An E box mediates activation and repression of the acetylcholine receptor delta-subunit gene during myogenesis.

The genes encoding the skeletal muscle acetylcholine receptor (AChR) are induced during muscle development and are regulated subsequently by innervation. Because both the initiation and the subsequent regulation of AChR expression are controlled by transcriptional mechanisms, an understanding of the steps that regulate AChR expression following innervation is likely to require knowledge of the pathway that activates AChR genes during myogenesis. Thus, we sought to identify the cis-acting sequences that regulate expression of the AChR delta-subunit gene during muscle differentiation. We transfected muscle and nonmuscle cell lines with gene fusions between 5'-flanking DNA from the AChR delta-subunit gene and the human growth hormone gene, and we show here that 148 bp of 5'-flanking DNA from the AChR delta-subunit gene contains two regulatory elements that control muscle-specific gene expression.

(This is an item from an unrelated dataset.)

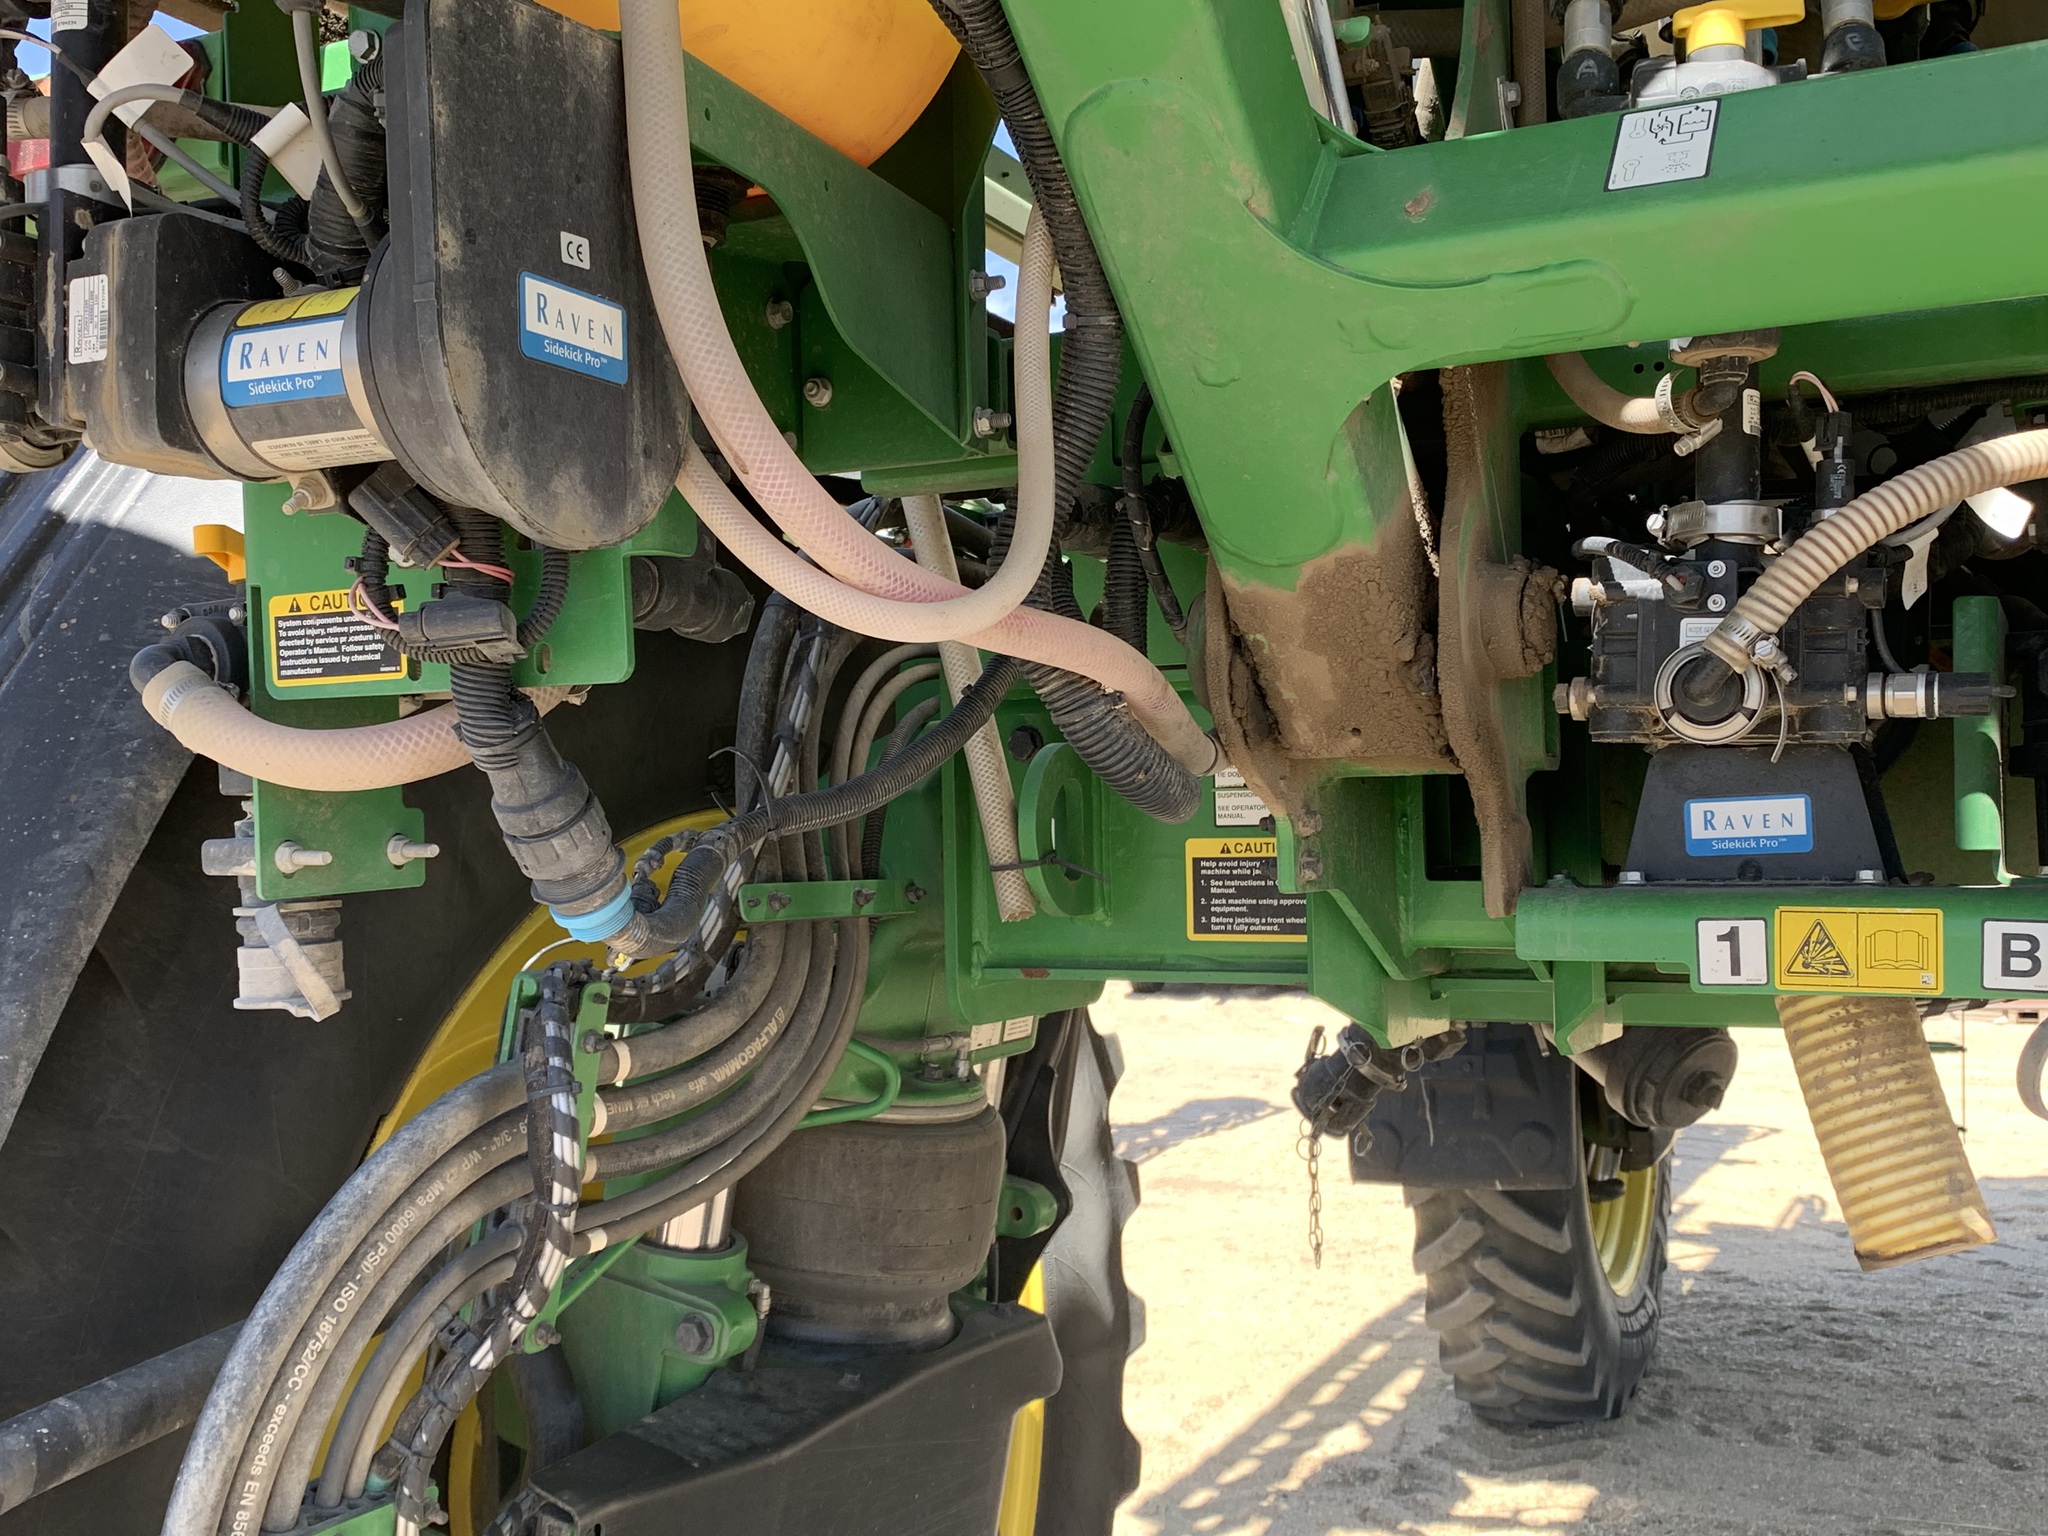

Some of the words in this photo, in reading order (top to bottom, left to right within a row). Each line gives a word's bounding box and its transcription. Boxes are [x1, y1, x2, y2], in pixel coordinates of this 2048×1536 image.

One element is an E box, which is important both for activation of the delta-subunit gene in myotubes and for its repression in myoblasts and nonmuscle cells. Mutation of this E box, which prevents binding of MyoD-E2A and myogenin-E2A heterodimers, decreases expression in myotubes and increases expression in myoblasts and nonmuscle cells. An E-box binding activity, which does not contain MyoD, myogenin, or E2A proteins, is present in muscle and nonmuscle cells and may be responsible for repressing the delta-subunit gene in myoblasts and nonmuscle cells. An enhancer, which lacks E boxes, is also required for expression of the delta-subunit gene but does not confer muscle-specific expression.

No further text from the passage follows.